**Task material**
*** Begin section ***

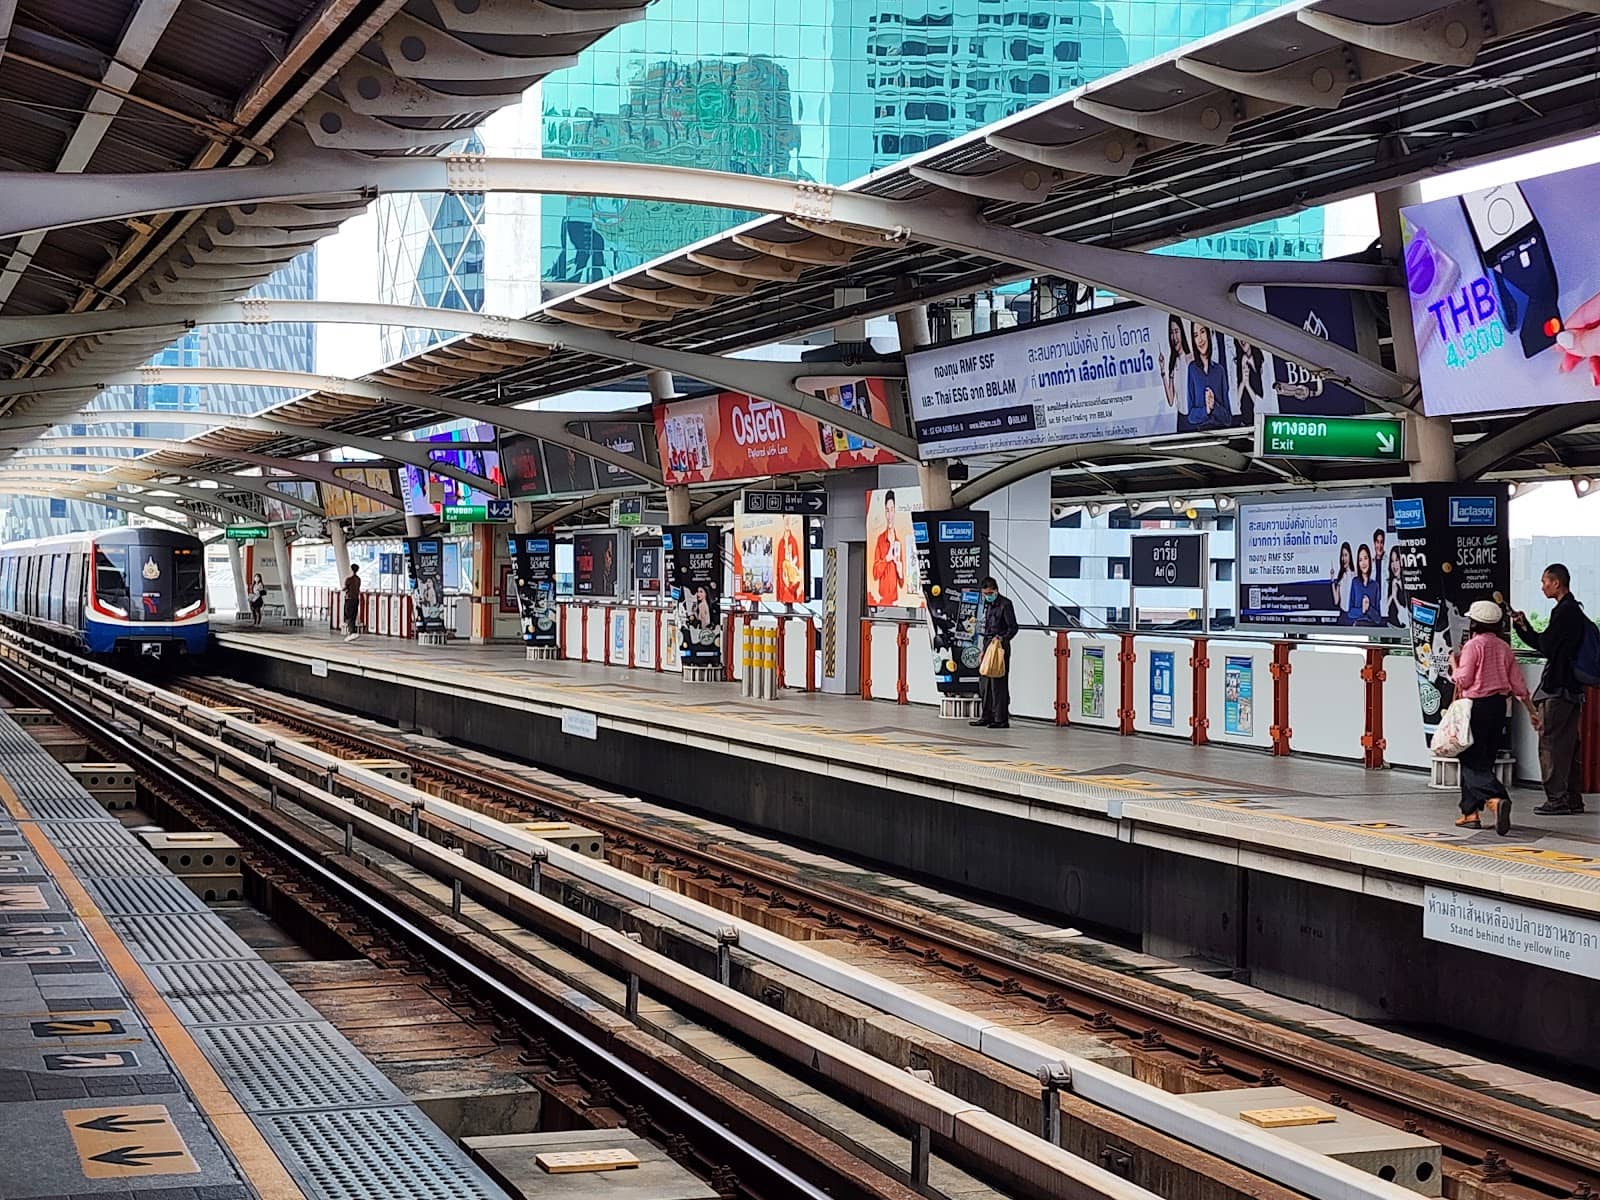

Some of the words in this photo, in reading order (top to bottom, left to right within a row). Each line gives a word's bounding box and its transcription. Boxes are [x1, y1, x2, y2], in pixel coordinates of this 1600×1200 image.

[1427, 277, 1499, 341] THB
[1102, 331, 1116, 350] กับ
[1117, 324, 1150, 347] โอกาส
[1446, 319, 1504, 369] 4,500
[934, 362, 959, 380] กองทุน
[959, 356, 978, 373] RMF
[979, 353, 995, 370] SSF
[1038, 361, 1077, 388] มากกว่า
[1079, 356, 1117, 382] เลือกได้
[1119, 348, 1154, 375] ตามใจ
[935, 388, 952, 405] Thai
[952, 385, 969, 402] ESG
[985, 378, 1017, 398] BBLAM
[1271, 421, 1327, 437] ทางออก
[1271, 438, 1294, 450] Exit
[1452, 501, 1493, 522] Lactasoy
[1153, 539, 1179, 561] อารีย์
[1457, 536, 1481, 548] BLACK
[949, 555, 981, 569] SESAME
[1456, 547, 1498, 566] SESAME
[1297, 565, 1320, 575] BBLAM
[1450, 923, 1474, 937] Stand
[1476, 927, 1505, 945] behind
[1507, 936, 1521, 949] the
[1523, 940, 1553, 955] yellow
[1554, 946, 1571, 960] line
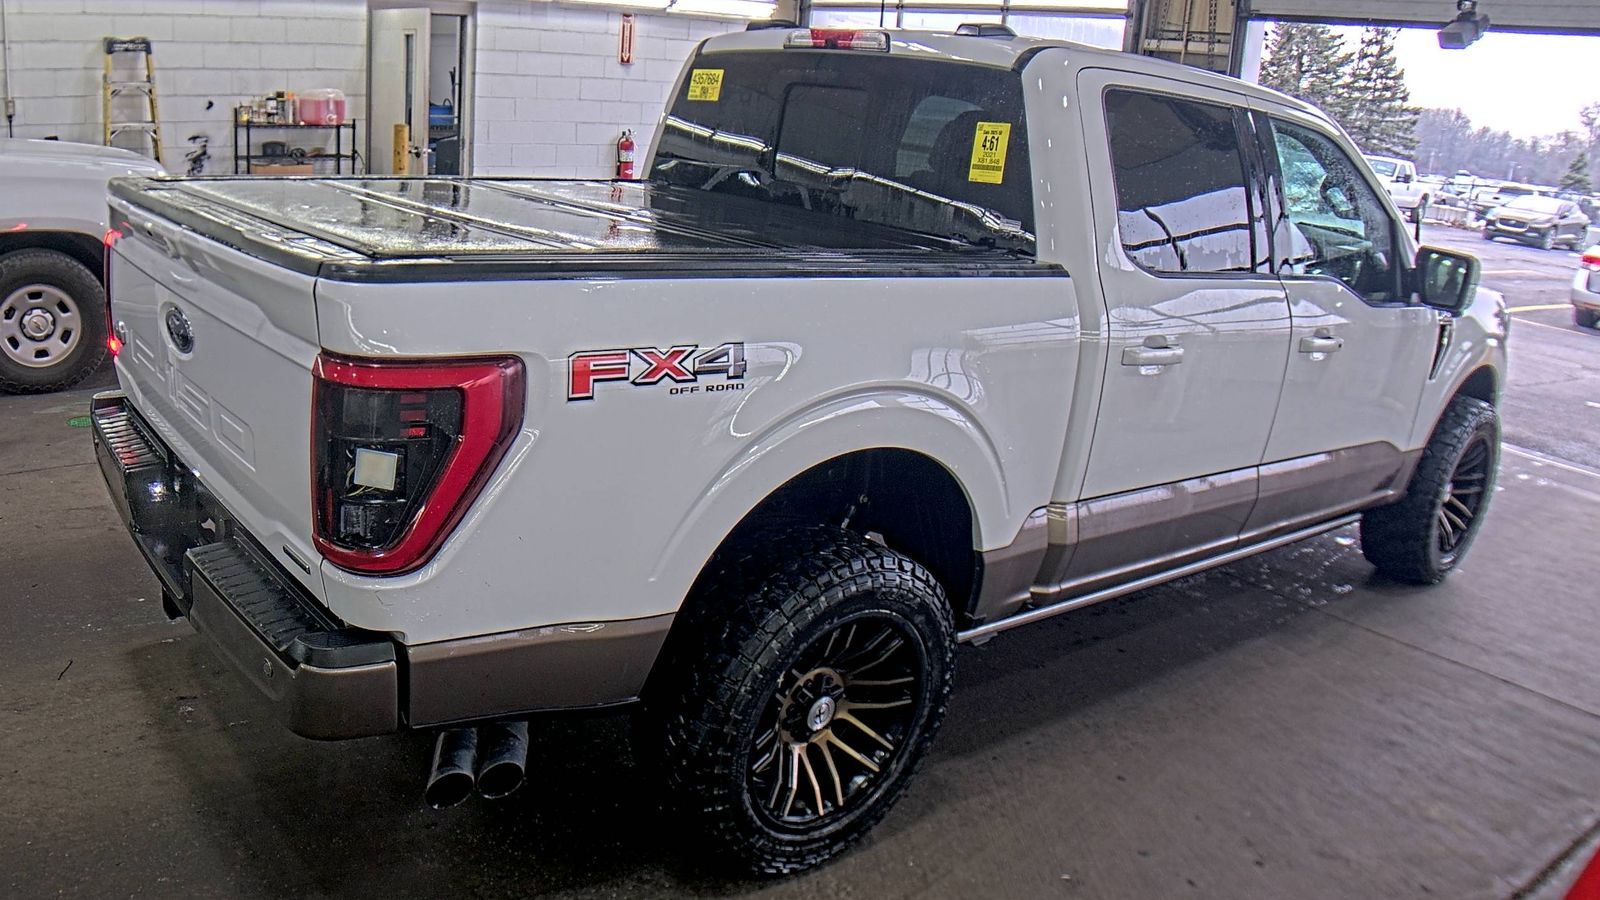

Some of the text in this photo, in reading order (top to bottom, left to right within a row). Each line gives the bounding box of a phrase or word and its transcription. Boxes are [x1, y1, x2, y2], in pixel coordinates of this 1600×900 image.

*** End section ***
*** Begin section ***

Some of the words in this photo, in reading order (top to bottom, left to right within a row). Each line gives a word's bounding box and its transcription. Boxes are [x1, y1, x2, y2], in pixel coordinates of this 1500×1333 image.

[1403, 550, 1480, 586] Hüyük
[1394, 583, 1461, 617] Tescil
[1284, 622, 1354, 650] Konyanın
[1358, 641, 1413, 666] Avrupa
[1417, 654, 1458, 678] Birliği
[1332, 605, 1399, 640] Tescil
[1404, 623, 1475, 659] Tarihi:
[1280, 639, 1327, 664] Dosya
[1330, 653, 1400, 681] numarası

*** End section ***

**Work required**
Above are the records; please give again, exactly and in full, only the lines that run from the line with "this 1600×1200 image." through the line with "Some of the text", with no pictures.

**Answer space**
Some of the words in this photo, in reading order (top to bottom, left to right within a row). Each line gives a word's bounding box and its transcription. Boxes are [x1, y1, x2, y2], in pixel coordinates of this 1600×1200 image.

[1427, 277, 1499, 341] THB
[1102, 331, 1116, 350] กับ
[1117, 324, 1150, 347] โอกาส
[1446, 319, 1504, 369] 4,500
[934, 362, 959, 380] กองทุน
[959, 356, 978, 373] RMF
[979, 353, 995, 370] SSF
[1038, 361, 1077, 388] มากกว่า
[1079, 356, 1117, 382] เลือกได้
[1119, 348, 1154, 375] ตามใจ
[935, 388, 952, 405] Thai
[952, 385, 969, 402] ESG
[985, 378, 1017, 398] BBLAM
[1271, 421, 1327, 437] ทางออก
[1271, 438, 1294, 450] Exit
[1452, 501, 1493, 522] Lactasoy
[1153, 539, 1179, 561] อารีย์
[1457, 536, 1481, 548] BLACK
[949, 555, 981, 569] SESAME
[1456, 547, 1498, 566] SESAME
[1297, 565, 1320, 575] BBLAM
[1450, 923, 1474, 937] Stand
[1476, 927, 1505, 945] behind
[1507, 936, 1521, 949] the
[1523, 940, 1553, 955] yellow
[1554, 946, 1571, 960] line

Some of the text in this photo, in reading order (top to bottom, left to right within a row). Each line gives the bounding box of a phrase or word and its transcription. Boxes are [x1, y1, x2, y2], in pixel coordinates of this 1600×900 image.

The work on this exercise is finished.